To date, several miRNAs, including miR-375 [41], 127 [24], 9 [42], 200a [42, 43], 93 [43], 497 [44], and 224 [45], have been reported to be associated with metastasis, progression, or survival of cervical cancer, although most of the cervical tumors in those studies were also squamous cell type. In this study, down-regulation of miR-494 was associated with poor patient survival, suggesting its possible role as a prognostic marker.

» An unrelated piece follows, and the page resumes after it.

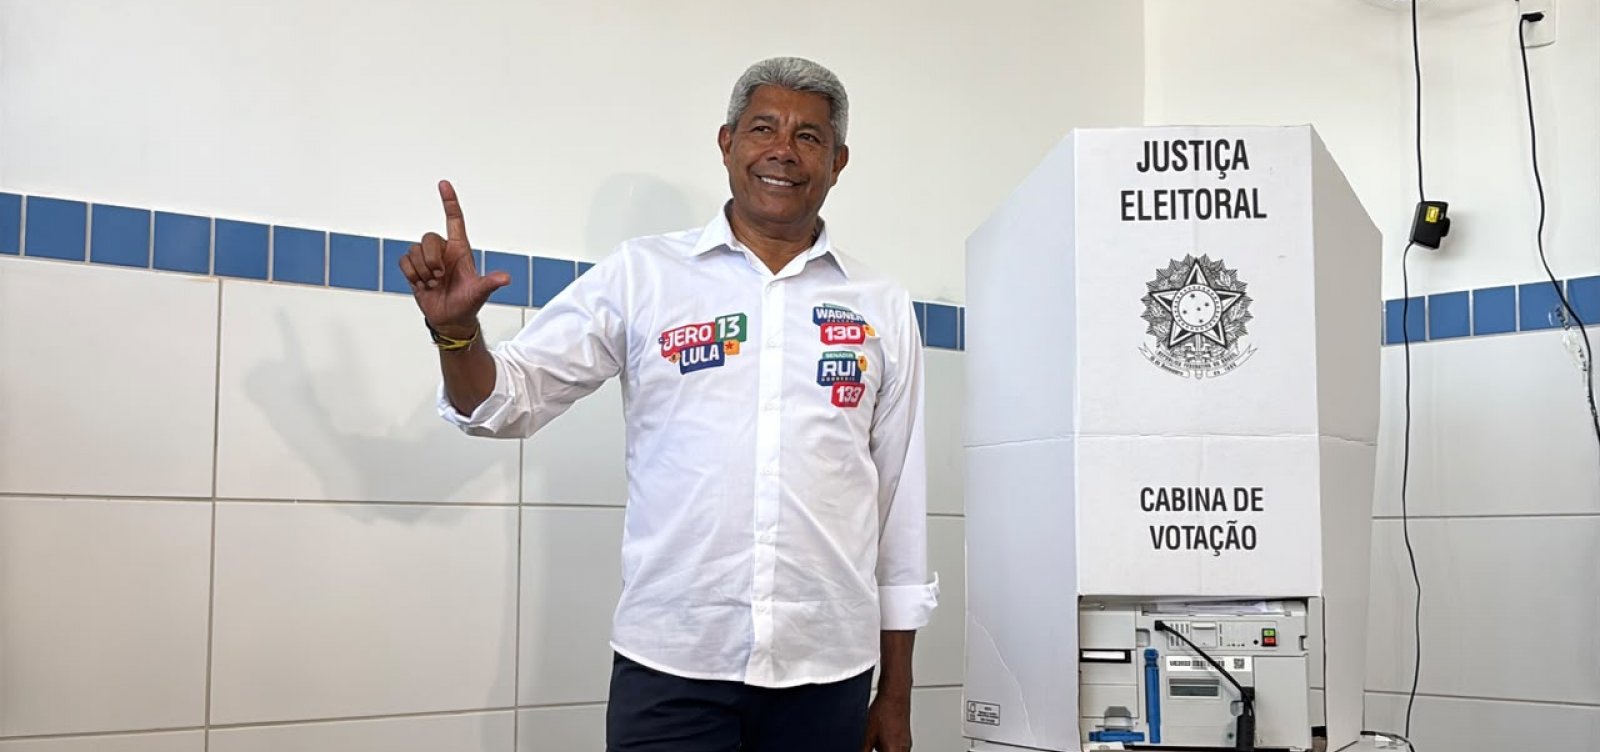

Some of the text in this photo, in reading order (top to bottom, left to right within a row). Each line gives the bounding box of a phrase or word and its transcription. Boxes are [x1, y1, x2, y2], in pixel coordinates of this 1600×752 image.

Limitations to our study need to be mentioned. First, even though we performed a multicenter study, there was still only a small number of cases due to the low incidence of MDA. Thus, we could not afford another validation study for our diagnostic or prognostic biomarkers with a test set, and future studies with larger sample size, notably including controversial cases, will have to be performed. Second, a possible precursor lesion, like LEGH or gastric type-AIS, which could strengthen our hypothesis was not included in this study. Third, more experiments, such as transfection of miR-34b-5p and cell viability tests, are still warranted to reveal the exact role of the miR-34b-5p/Notch1 pathway during MDA carcinogenesis.

Conclusions

MDA showed distinctive expression profiles of miRNAs, Notch1, and Notch2 from NE. In particular, miR-34b-5p and 194-5p might be used as diagnostic biomarkers and miR-494 as a prognostic predictor for MDA. The miR-34b-5p/Notch1 pathway as well as Notch2 might be important oncogenic contributors to MDA.